Je ne pense pas que le fait de cumuler plusieurs mandats dans un système démocratique affirmé soit une tare. Pour preuve, la chancelière allemande est à son quatrième mandat cela ne fait pas de l’Allemagne une mauvaise démocratie.
Je crois que nous devons continuer à travailler pour renforcer notre démocratie en prenant toutes les dispositions qui permettent au peuple souverain de choisir ses dirigeants en tout âme et conscience. La clé de toute démocratie est l’organisation des élections libres, démocratiques et transparentes et dont les résultats sont acceptés par tous !
Bertrand Nzibi, Pascal Oyougou, Amiar Washington et bien d’autres personnalités sont toujours en prison. Cela n’est-il pas un frein pour le retour de la sérénité dans le pays ?
La sérénité, j’y pense depuis 1990. Celle-ci ne peut s’installer si nous ne nous parlons pas. J’ai toujours demandé la mise en place d’une Commission Vérité et Réconciliation. Car, pour se réconcilier il faut au préalable passer par la case vérité. La vérité soigne, la vérité guérit.
Depuis 1993, nous disons que les élections sont mal organisées avec, comme conséquences, des violences et plusieurs effets collatéraux. Il n’y a pas que les personnalités sus-citées. Quid des personnes ayant perdu des emplois en 1990 ou 2009 ? Quid des personnes ayant perdu des biens à l’issue d’une élection présidentielle? C’est pour cette raison qu’une Commission Vérité et Réconciliation serait la bienvenue. Dans la mesure où elle permettrait de panser les plaies. Je ne pense pas que le tribunal soit le meilleur lieu pour solder les comptes.

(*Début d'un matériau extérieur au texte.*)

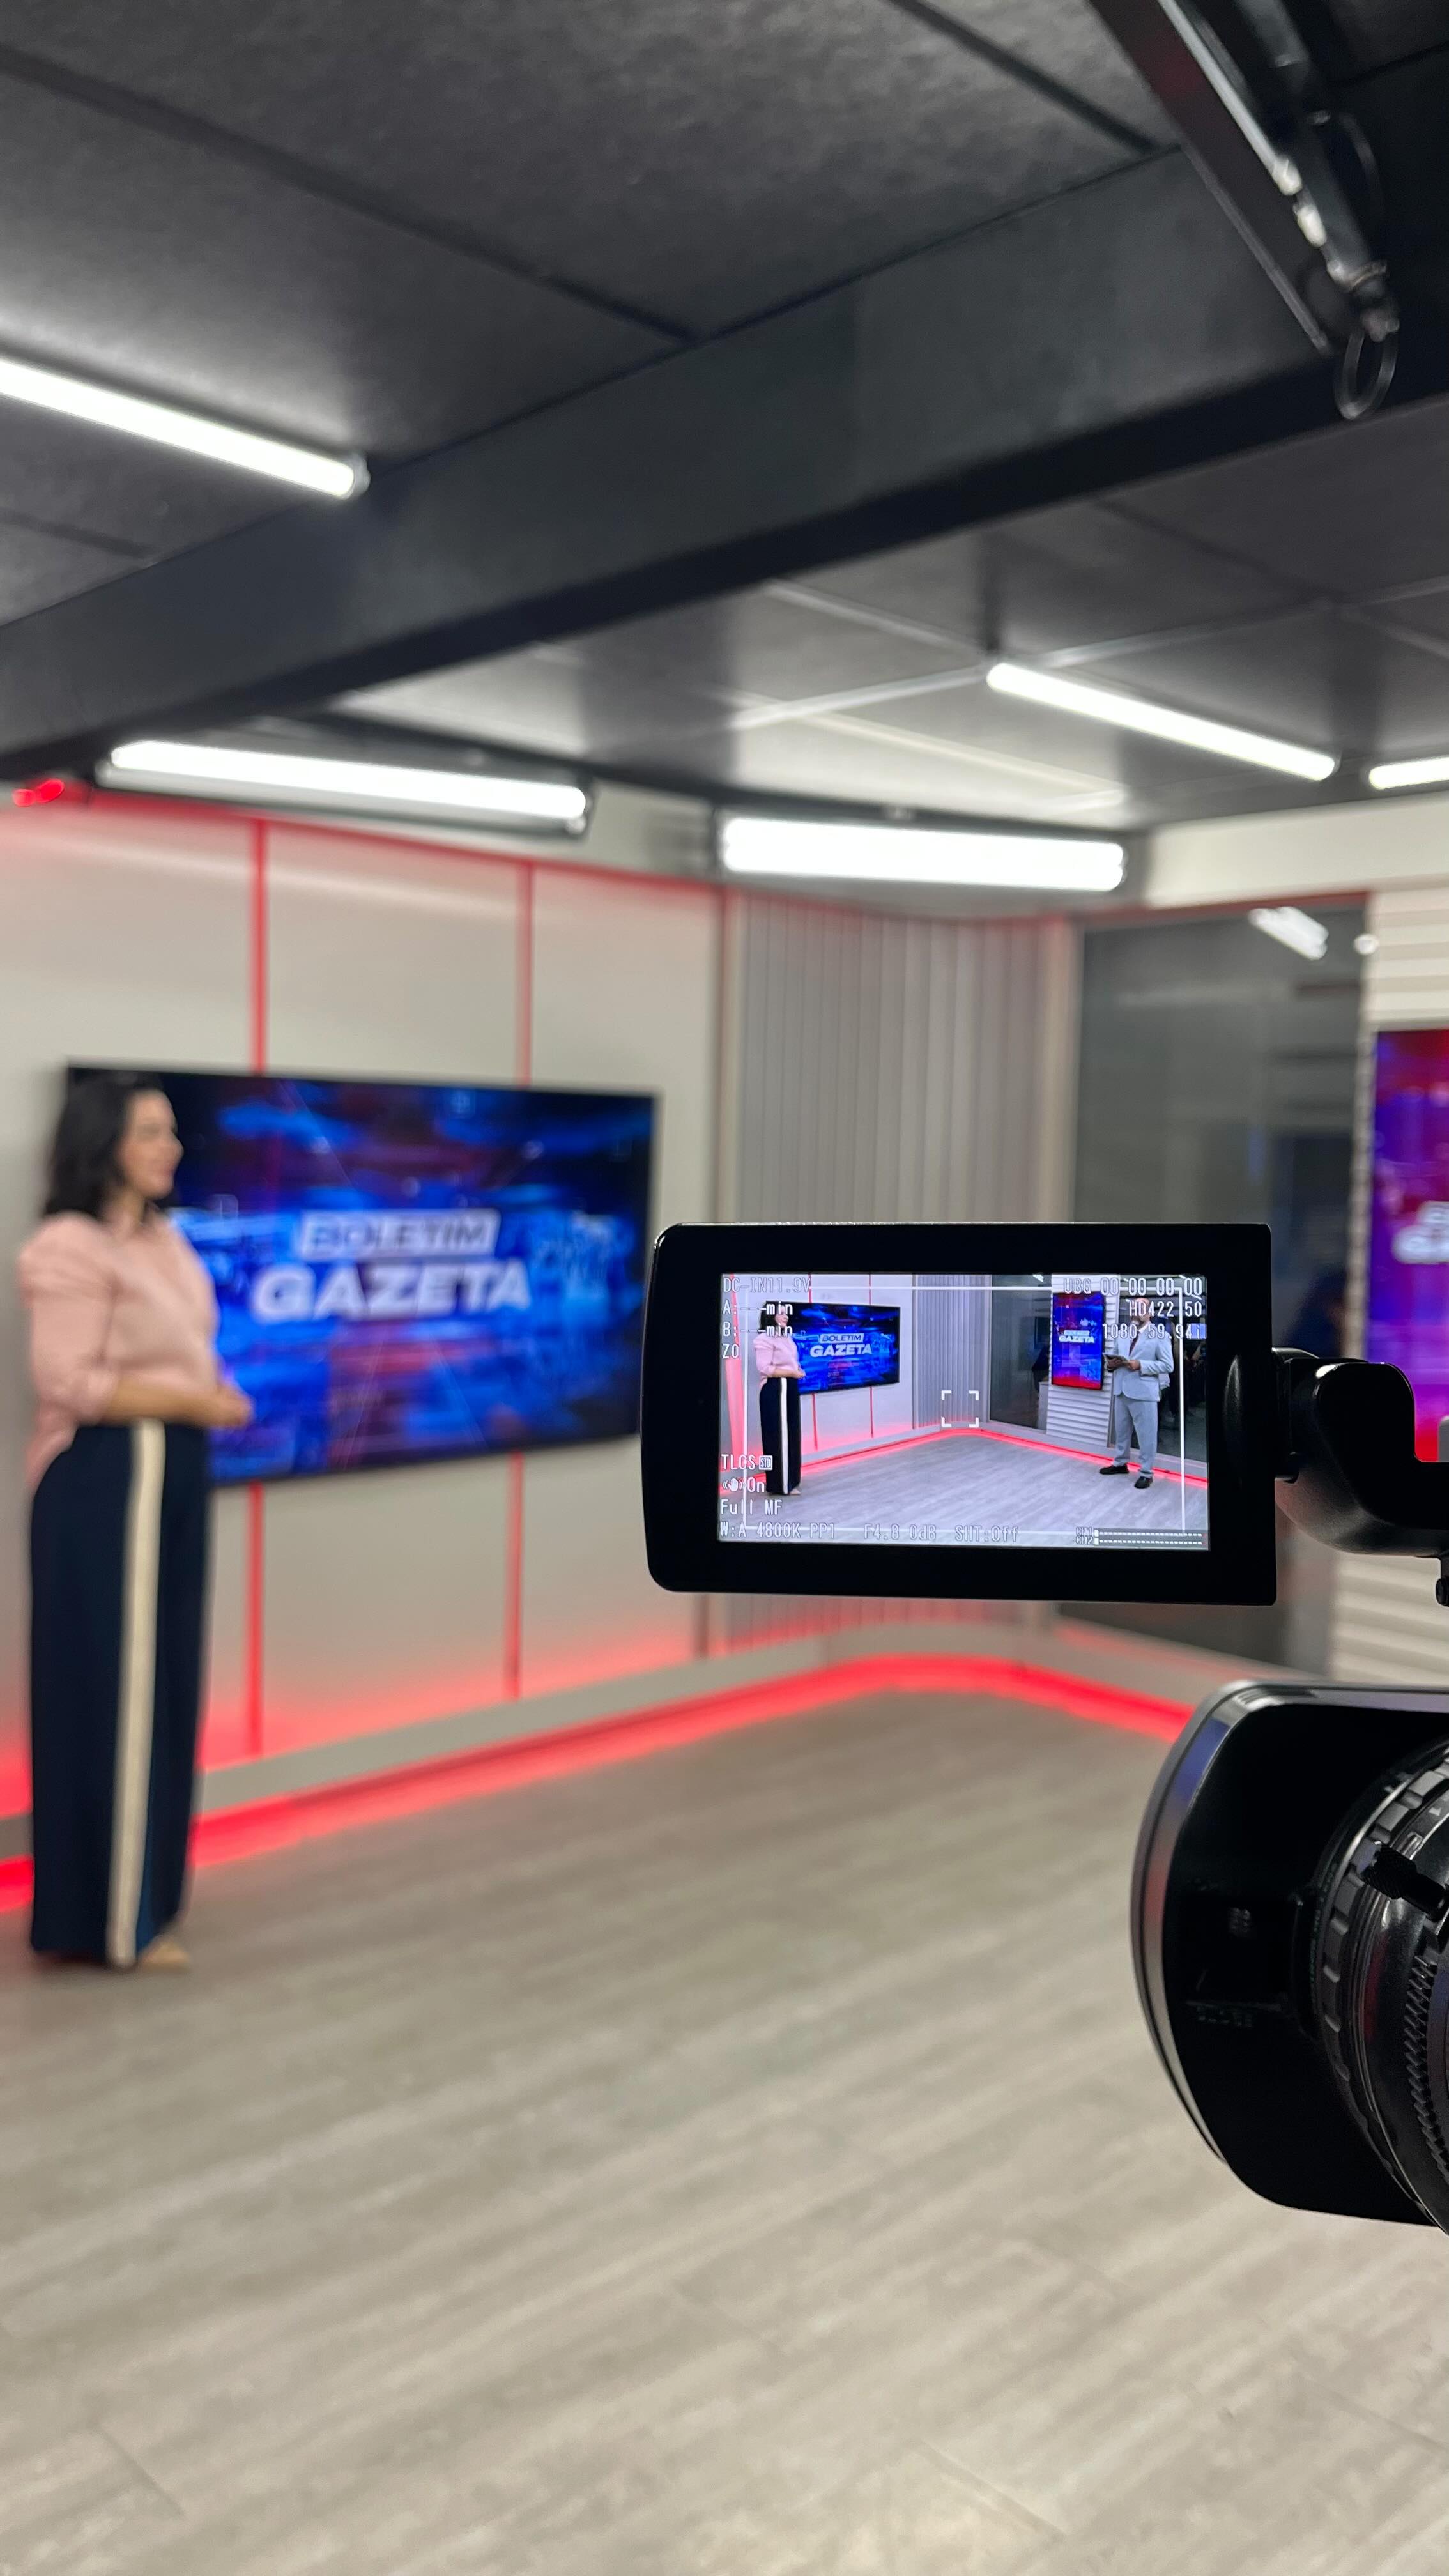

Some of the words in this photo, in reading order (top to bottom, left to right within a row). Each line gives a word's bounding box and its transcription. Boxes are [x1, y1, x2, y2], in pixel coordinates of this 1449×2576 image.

Toutefois je vous rappelle que lors du dialogue, l’opposition a demandé la mise en liberté de ces personnalités. Cette demande forte a été enregistrée par le Gouvernement. Mais il se pose une question de procédure : le Président de la République ne peut user de son pouvoir de grâce qu’au terme de la procédure judiciaire et après qu’un jugement soit prononcé.
Dans le cas qui nous concerne je pense que le président attend que le jugement soit prononcé pour agir en faveur des personnalités incarcérées.